Abstract

Background: The impact of hepatitis B or C virus (HBV or HCV) coinfection on the progression of liver diseases in patients infected with human immunodeficiency virus (HIV) on highly active antiretroviral therapy (HAART) has not been fully studied in resource-limited settings. Objectives: To examine the seroprevalence of HBV or HCV coinfection and its effect on hepatic function in HIV-infected Thai patients receiving HAART. Methods: A single-center cross-sectional study was conducted from October 2011 to January 2013 in Thai patients infected with HIV (n = 211). Combination ART was received by 94.3% of the patients (median duration, 32.1 (range, 0−95.3) months). The patients were screened for HBV and HCV infection and examined for transaminitis, defined as levels of aspartate aminotransferases (AST) and/or alanine aminotransferase (ALT) increased above the upper normal limits, and ARV-associated hepatotoxicity. Regression analyses were performed to determine risks for transaminitis in the studied group. Results: Prevalence of HBV or HCV coinfection in the HIV-infected patients was 11.4% and 7.6%, respectively and the rate of transaminitis was 26.5%, with only one patient developing severe grade 3 hepatotoxicity.

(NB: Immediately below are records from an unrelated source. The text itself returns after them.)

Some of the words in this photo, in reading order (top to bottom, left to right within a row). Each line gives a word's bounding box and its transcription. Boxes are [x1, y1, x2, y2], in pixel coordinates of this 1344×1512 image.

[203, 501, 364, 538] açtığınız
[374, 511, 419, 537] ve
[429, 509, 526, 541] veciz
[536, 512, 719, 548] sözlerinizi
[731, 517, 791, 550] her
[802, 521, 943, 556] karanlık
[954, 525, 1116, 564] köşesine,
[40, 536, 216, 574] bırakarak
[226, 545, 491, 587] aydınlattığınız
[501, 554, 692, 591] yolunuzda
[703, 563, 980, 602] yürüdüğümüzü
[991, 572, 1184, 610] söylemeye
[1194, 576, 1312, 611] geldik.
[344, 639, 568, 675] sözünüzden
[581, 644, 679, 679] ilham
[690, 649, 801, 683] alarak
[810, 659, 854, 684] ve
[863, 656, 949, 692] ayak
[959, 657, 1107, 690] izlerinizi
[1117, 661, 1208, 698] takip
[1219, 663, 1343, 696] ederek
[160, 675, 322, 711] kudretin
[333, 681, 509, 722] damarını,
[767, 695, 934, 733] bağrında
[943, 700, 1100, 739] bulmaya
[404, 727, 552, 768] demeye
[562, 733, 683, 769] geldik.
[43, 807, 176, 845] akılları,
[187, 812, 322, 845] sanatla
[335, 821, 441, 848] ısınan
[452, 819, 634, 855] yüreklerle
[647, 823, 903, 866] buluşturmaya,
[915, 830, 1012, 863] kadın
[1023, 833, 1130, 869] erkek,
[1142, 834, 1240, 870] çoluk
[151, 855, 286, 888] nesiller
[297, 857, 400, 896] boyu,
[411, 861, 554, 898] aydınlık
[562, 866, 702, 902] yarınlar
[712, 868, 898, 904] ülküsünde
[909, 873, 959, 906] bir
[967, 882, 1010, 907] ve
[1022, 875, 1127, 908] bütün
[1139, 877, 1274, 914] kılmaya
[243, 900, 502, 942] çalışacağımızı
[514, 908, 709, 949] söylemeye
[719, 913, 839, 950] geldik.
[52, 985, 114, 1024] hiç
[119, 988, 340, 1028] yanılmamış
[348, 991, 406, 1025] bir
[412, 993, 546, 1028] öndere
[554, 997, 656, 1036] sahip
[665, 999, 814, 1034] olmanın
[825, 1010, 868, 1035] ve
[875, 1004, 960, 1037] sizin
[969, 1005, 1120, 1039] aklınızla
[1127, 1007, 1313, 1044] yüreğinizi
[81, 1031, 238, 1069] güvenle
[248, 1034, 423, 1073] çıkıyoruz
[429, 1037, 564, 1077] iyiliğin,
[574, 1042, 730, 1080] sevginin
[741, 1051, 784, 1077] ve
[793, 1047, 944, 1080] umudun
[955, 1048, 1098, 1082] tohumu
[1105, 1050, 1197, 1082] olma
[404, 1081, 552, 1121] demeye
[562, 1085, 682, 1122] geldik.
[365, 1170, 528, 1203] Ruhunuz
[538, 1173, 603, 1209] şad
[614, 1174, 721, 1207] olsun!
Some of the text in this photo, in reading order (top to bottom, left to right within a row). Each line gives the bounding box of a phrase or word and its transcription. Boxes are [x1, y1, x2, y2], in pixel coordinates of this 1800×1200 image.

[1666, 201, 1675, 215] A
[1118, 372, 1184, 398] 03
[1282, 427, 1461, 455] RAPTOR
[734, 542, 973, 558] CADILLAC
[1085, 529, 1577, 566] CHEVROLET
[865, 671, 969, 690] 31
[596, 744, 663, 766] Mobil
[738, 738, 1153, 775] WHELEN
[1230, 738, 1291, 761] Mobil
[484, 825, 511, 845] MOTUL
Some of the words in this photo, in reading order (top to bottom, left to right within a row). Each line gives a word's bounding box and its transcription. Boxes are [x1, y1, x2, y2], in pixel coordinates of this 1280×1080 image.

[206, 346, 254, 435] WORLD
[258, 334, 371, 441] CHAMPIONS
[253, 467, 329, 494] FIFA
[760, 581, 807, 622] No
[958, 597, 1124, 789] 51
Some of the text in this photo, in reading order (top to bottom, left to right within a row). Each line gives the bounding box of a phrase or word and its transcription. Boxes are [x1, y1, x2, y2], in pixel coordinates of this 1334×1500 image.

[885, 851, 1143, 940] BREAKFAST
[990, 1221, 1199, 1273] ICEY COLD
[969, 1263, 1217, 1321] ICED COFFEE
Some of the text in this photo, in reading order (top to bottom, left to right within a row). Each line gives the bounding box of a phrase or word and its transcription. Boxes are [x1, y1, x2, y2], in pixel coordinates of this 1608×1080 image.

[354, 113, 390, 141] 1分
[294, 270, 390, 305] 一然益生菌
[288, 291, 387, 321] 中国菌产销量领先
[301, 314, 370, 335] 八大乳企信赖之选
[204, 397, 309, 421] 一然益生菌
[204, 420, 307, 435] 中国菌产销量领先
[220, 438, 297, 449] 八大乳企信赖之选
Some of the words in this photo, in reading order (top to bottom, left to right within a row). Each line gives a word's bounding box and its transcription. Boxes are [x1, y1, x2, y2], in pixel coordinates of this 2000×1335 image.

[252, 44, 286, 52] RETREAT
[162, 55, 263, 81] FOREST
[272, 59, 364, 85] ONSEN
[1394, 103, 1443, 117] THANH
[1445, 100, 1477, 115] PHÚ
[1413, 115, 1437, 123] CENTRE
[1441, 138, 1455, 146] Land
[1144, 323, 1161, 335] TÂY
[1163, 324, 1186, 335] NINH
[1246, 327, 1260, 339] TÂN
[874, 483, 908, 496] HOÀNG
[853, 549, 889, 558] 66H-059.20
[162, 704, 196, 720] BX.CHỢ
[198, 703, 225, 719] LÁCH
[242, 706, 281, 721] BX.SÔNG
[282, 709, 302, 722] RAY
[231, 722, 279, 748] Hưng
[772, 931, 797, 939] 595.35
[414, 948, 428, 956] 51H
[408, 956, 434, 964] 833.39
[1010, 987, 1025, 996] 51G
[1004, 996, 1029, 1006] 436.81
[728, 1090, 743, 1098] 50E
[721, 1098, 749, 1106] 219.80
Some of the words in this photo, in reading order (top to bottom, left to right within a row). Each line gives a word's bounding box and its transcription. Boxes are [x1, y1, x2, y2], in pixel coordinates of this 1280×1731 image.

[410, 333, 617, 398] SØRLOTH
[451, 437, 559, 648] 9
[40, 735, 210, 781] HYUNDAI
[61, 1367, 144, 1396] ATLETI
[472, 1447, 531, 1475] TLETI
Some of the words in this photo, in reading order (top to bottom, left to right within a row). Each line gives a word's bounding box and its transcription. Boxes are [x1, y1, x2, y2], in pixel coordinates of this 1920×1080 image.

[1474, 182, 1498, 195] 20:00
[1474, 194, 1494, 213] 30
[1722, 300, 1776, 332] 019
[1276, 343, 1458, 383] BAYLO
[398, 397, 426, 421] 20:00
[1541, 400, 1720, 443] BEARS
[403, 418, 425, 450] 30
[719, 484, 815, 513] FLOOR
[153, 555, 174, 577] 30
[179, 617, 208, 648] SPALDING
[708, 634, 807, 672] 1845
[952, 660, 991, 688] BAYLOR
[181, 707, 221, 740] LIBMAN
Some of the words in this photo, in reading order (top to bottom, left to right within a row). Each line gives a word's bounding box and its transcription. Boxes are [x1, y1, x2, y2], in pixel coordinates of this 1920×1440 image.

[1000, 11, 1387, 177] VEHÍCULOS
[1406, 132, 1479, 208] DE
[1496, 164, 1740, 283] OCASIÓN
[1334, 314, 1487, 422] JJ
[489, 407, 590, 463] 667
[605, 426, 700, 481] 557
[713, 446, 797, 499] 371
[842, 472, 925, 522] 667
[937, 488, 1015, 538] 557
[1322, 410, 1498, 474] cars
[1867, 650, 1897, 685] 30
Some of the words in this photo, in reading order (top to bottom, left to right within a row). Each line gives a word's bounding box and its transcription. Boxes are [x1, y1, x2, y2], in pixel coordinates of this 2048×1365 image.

Univariate and multivariate analyses indicated that predictive risk factors for transaminitis in this study group were seropositivity for HCV (OR 12.3, 95% CI 3.0–50.1, P < 0.001), but not for HBV, together with age difference, sex, and CD4 + cell count. Conclusions: Coinfection with HCV is a potentially more important risk for transaminitis than coinfection with HBV, leading to chronic liver diseases in HIV-infected Thai patients with ongoing HAART.